Sizzler, a steak and seafood chain, filed for bankruptcy protection in September. The company said the action was a “direct result of the financial impact the COVID-19 pandemic has had on the casual dining sector.”

Other restaurant chains filing for bankruptcy protection include Souplantation, Sweet Tomatoes, Brio Italian Mediterranean, Le Pain Quotidien, California Pizza Kitchen and Maison Kayser.

The social aspect of eating is key to the dine-in segment of the industry, but in many states capacity is limited by government-imposed social distancing restrictions intended to limit spread of the virus.

“The pre-pandemic business model wasn’t designed to function on 25%-50% capacity,” Riehle said. “The numbers just don’t work at that level.”

While upscale restaurants may earn more, the typical profit margin for an eatery is 3%-5%. This forces owners to balance volume with service and ambience. In general, casual dining restaurants must seat new customers at a table at least three times during peak hours to earn a profit.

But fewer people are going out for a meal during the pandemic, upending basic calculations.

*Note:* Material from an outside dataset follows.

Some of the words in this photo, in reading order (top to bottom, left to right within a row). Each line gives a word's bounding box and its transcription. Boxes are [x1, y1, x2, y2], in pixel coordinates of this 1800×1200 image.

This has eroded sales and led to layoffs. In March and April, bars and restaurants lost about 6 million jobs. Employment remains about 2.3 million below pre-pandemic levels, the Bureau of Labor Statistics reported.

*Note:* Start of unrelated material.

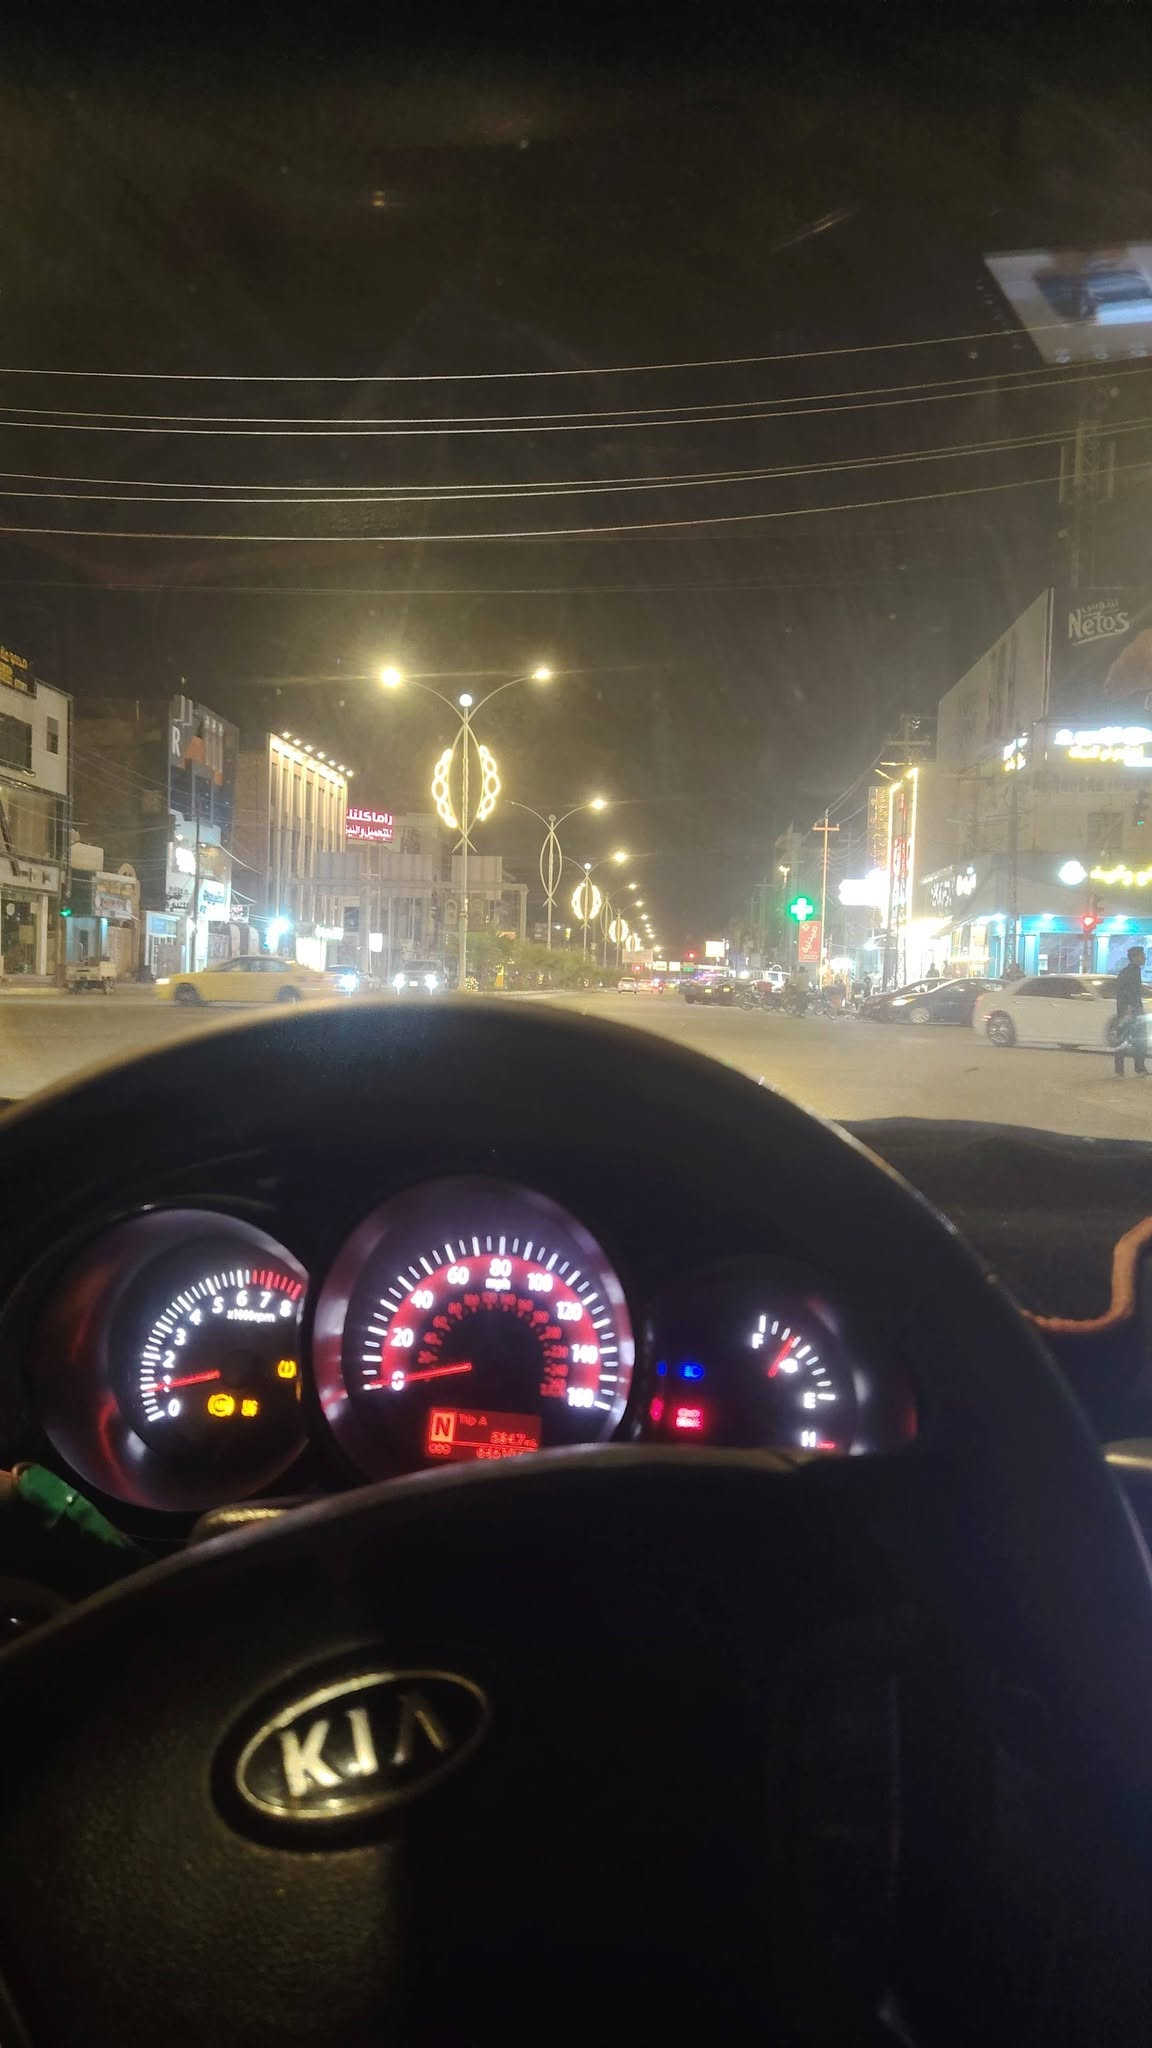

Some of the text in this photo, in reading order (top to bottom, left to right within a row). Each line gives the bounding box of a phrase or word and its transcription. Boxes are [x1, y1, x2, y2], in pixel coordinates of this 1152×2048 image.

A survey conducted by the National Restaurant Association in September found that 40% of operators said they didn’t expect to be in business in February if Congress fails to pass another stimulus package. Action on the next aid package stalled in Congress prior to the election.

The COVID-19 pandemic will accelerate trends already underway before the coronavirus hit, especially the increased use of kiosks and digital technology to order and pay for meals, Riehle said.

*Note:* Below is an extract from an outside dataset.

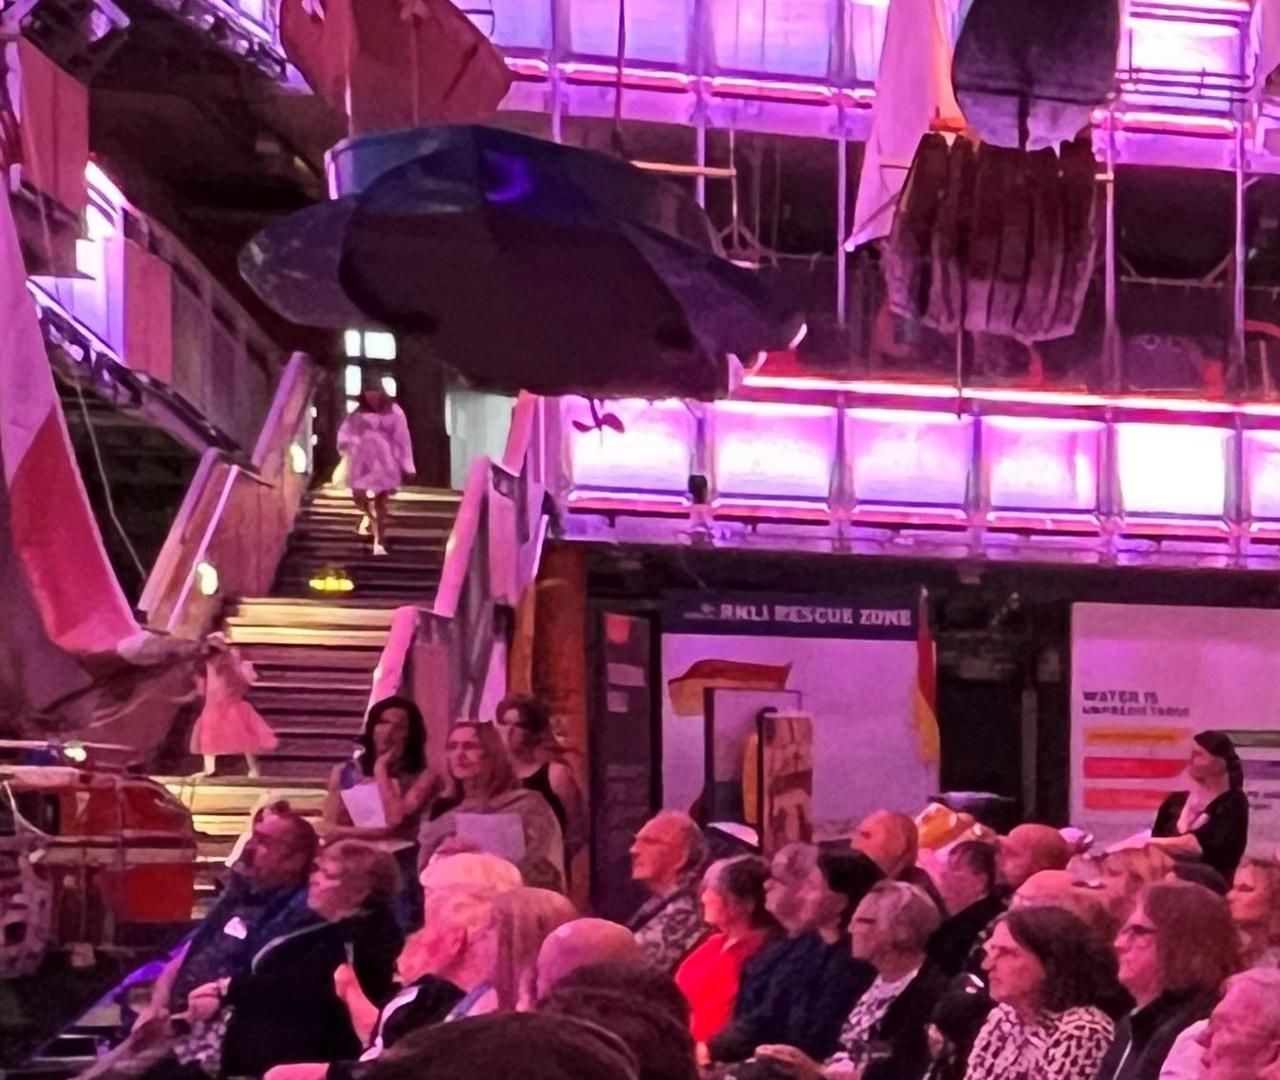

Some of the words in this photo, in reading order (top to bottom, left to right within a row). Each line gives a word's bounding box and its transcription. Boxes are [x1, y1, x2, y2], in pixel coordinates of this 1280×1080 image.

Restaurants that relied heavily on takeout sales prior to the pandemic or those able to quickly adapt to off-premise service will have a better chance of survival than businesses that fail to adapt to new market conditions, he said.

The use of third-party delivery services extends the reach of many restaurants, especially among customers who seek to limit contact with others during the pandemic.

Sixty-three percent of restaurant traffic was off-premise prior to the pandemic, but takeout or delivery reached 90% in the second quarter during the lockdown intended to curb spread of the coronavirus.

The cost of labor, real estate and increasing expenditures on delivery and technology will continue to pressure profits. Routine tasks in bars and restaurant kitchens are likely to become increasingly automated, Riehle said.

However, there is a positive outlier in this pandemic—McDonald’s.

Third-quarter sales in the nation’s largest restaurant chain increased 4.6% from the same period a year ago, the company reported, citing strong drive-through, delivery and digital ordering and payments. The average check size increased, but the number of people eating in the company’s restaurants fell in a year-to-year comparison.

The company boosted its dividend 3% to $1.29 a share, or $5.16 annually. McDonald’s said it spent $200 million worldwide, including $100 million in the U.S., on marketing.

Other chains are trying to adapt to survive.

In a research report, New York investment bank Goldman Sachs said Cheesecake Factory may be able to operate at about 55% capacity, and the installation of Plexiglass barriers may push capacity to about 60%.

Inspire Brands, a restaurant company backed by Roark Capital, agreed to purchase Dunkin for $106.50 a share, or about $11.3 billion including debt, in what may be part of continuing roll-ups in the industry. The deal would be the fifth major restaurant company acquired by the private equity firm in the last few years. Previously, Inspire Brands acquired Arby’s Buffalo Wild Wings, Sonic and Jimmy John’s.

Goldman Sachs raised its price target, or estimate of fair value, on Dunkin to $93 a share from $73 citing increased online ordering, new grab-and-go snacks and a $4 million aid to help urban franchises operating under strict social distancing limits.

“The entrepreneurial spirit is still there, but the operating environment is severely constrained,” the National Restaurant Association’s Riehle told Newsweek. “Operators are still trying to adapt to a new environment and there will be no quick rebound.”